Paul uses the Greek root for “walk” three other times in this letter:

(1) In Colossians 1:9-10, Paul prays that the Colossian believe may be “filled with the knowledge of His [God’s] will in all wisdom and spiritual understanding” … so that [they] “may walk worthy of the Lord, fully pleasing Him …”

(2) In Colossians 2:6, Paul writes that just as the Colossians have, “received Christ Jesus the Lord, so [they should] walk in Him.”

3) In Colossians 3:7, after listing several evidences of the flesh, “immorality, impurity, passion, evil desire, and greed,” (3:5) Paul reminds the Colossians that “in which you yourselves once walked when you lived I them. But now you yourselves are to put off all these . . .”

When we look at how Paul uses the word “walk,” we can see . . .
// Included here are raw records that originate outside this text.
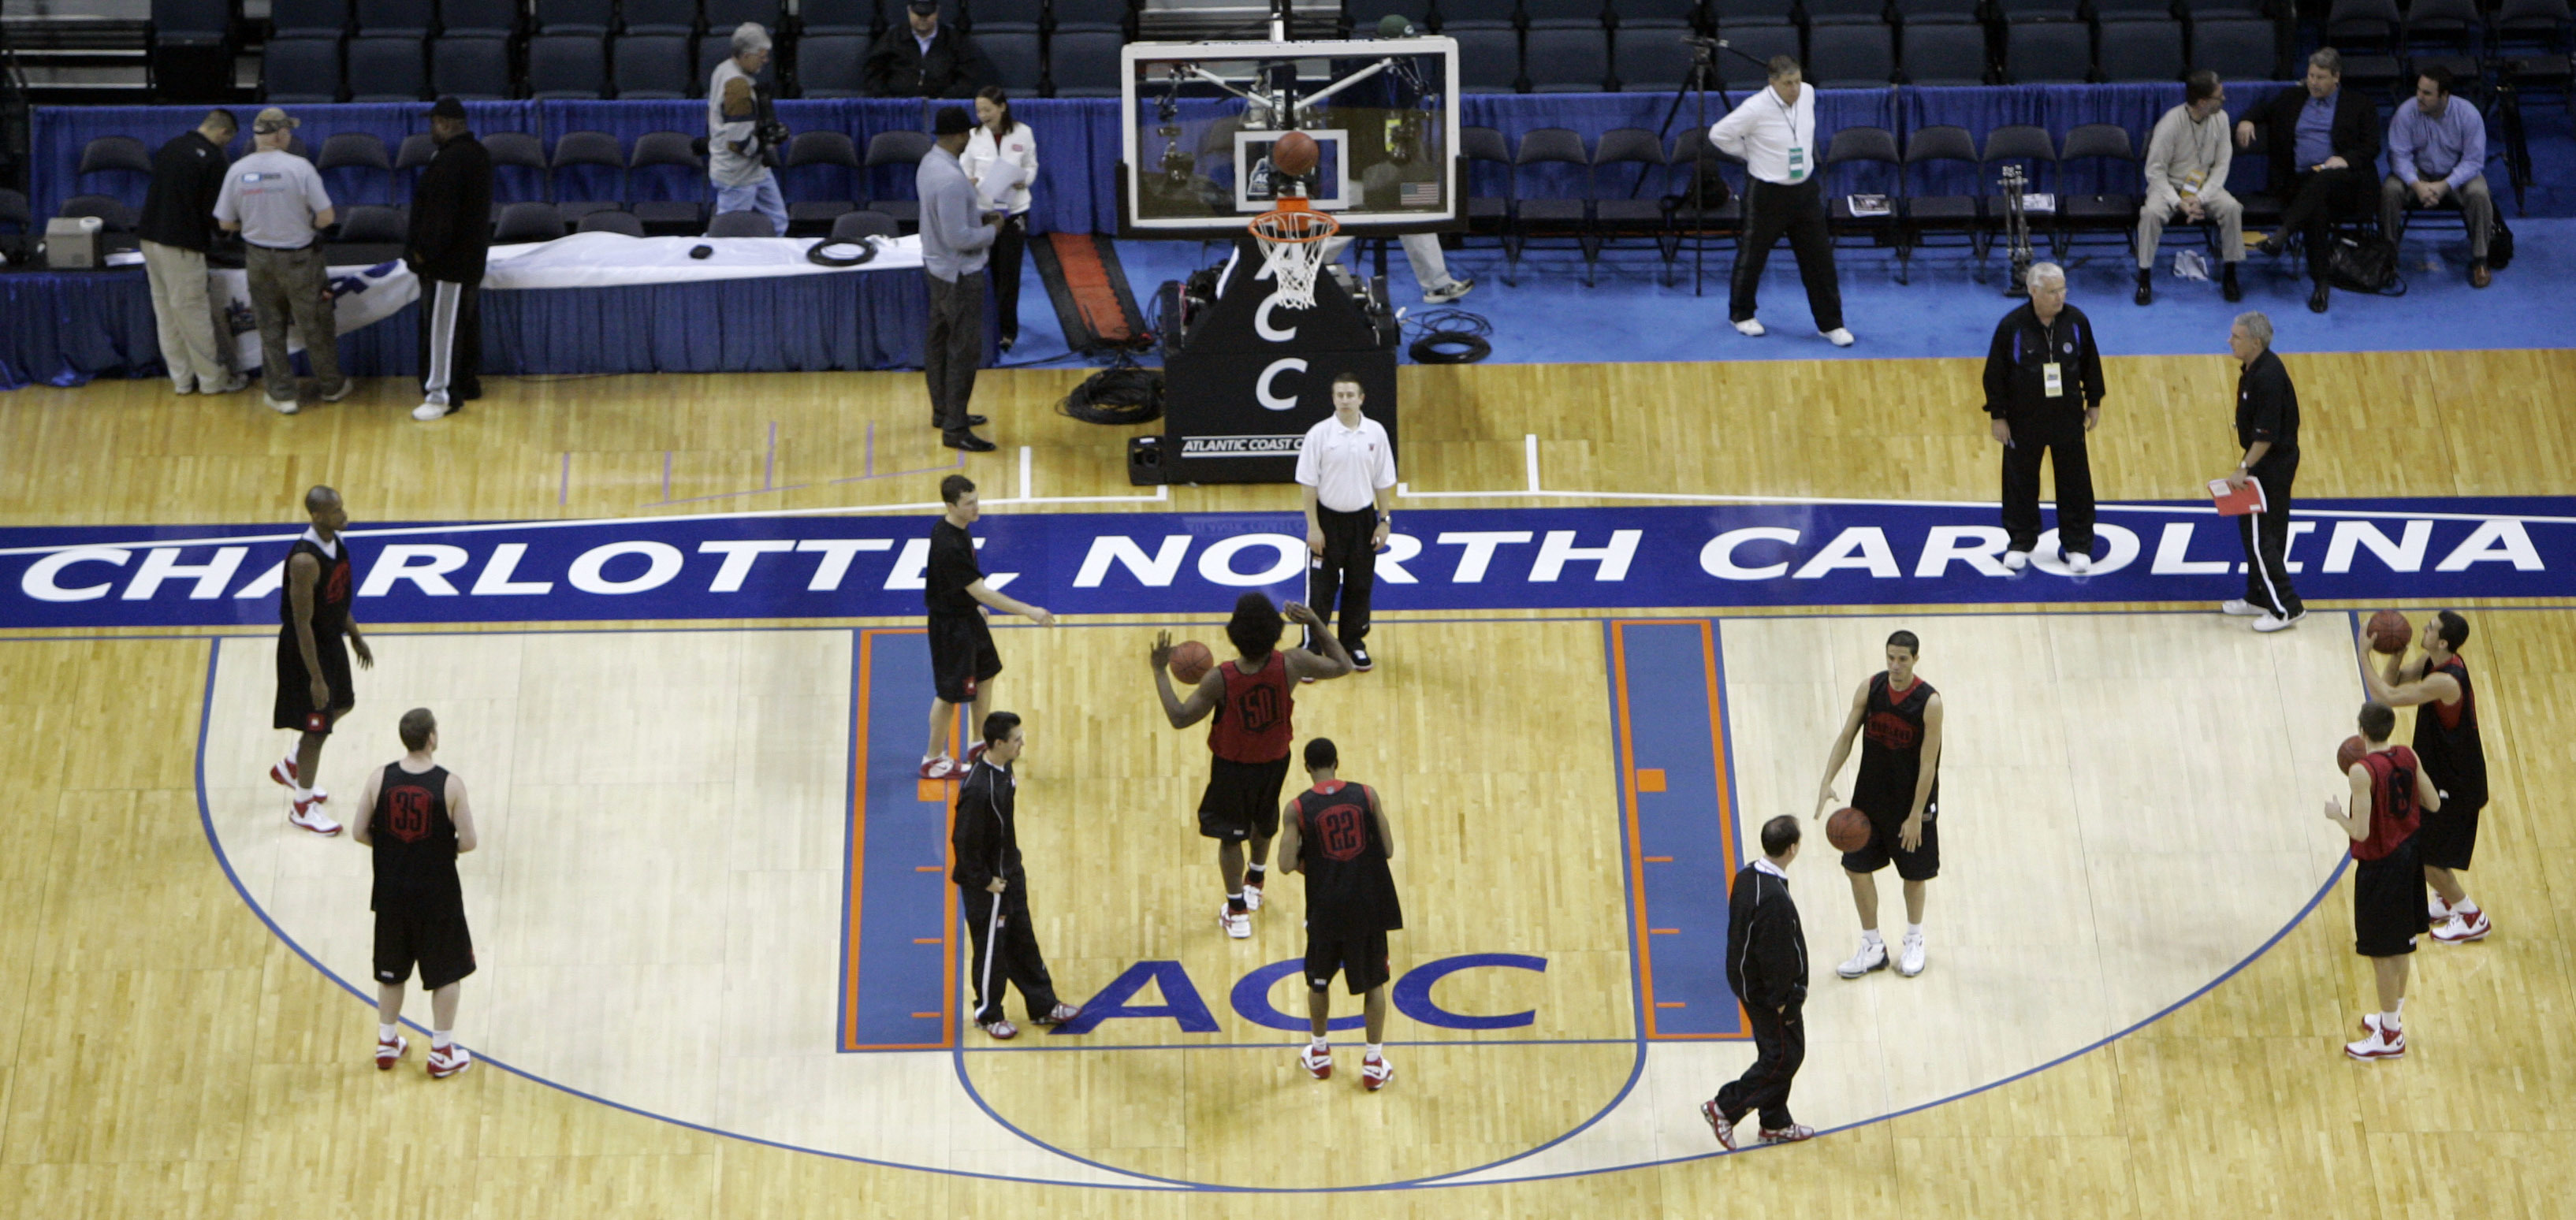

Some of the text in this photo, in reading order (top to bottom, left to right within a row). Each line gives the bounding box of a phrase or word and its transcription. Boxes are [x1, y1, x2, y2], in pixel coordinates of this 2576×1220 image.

[1183, 439, 1246, 452] ATLANTIC
[1248, 438, 1292, 451] COAST
[1245, 689, 1273, 728] 50
[396, 792, 422, 831] 35
[1327, 811, 1357, 851] 22
[1048, 953, 1547, 1035] ACC
That his concern for their effectiveness

In witnessing to unbelievers

Encompasses both their verbal

And non-verbal behavior.

Paul expects the Colossian believer’s words and deeds to match the divine standard for Christian witness – to lift Jesus up and to draw all men to Him (John 3:14; 12:32).  That is why he directs us in Colossians 3:17, “And whatever you do in word or deed, do all in the name of the Lord Jesus, giving thanks to God the Father through Him” and in Colossians 3:23, “And whatever you do, do it heartily, as to the Lord and not to men.”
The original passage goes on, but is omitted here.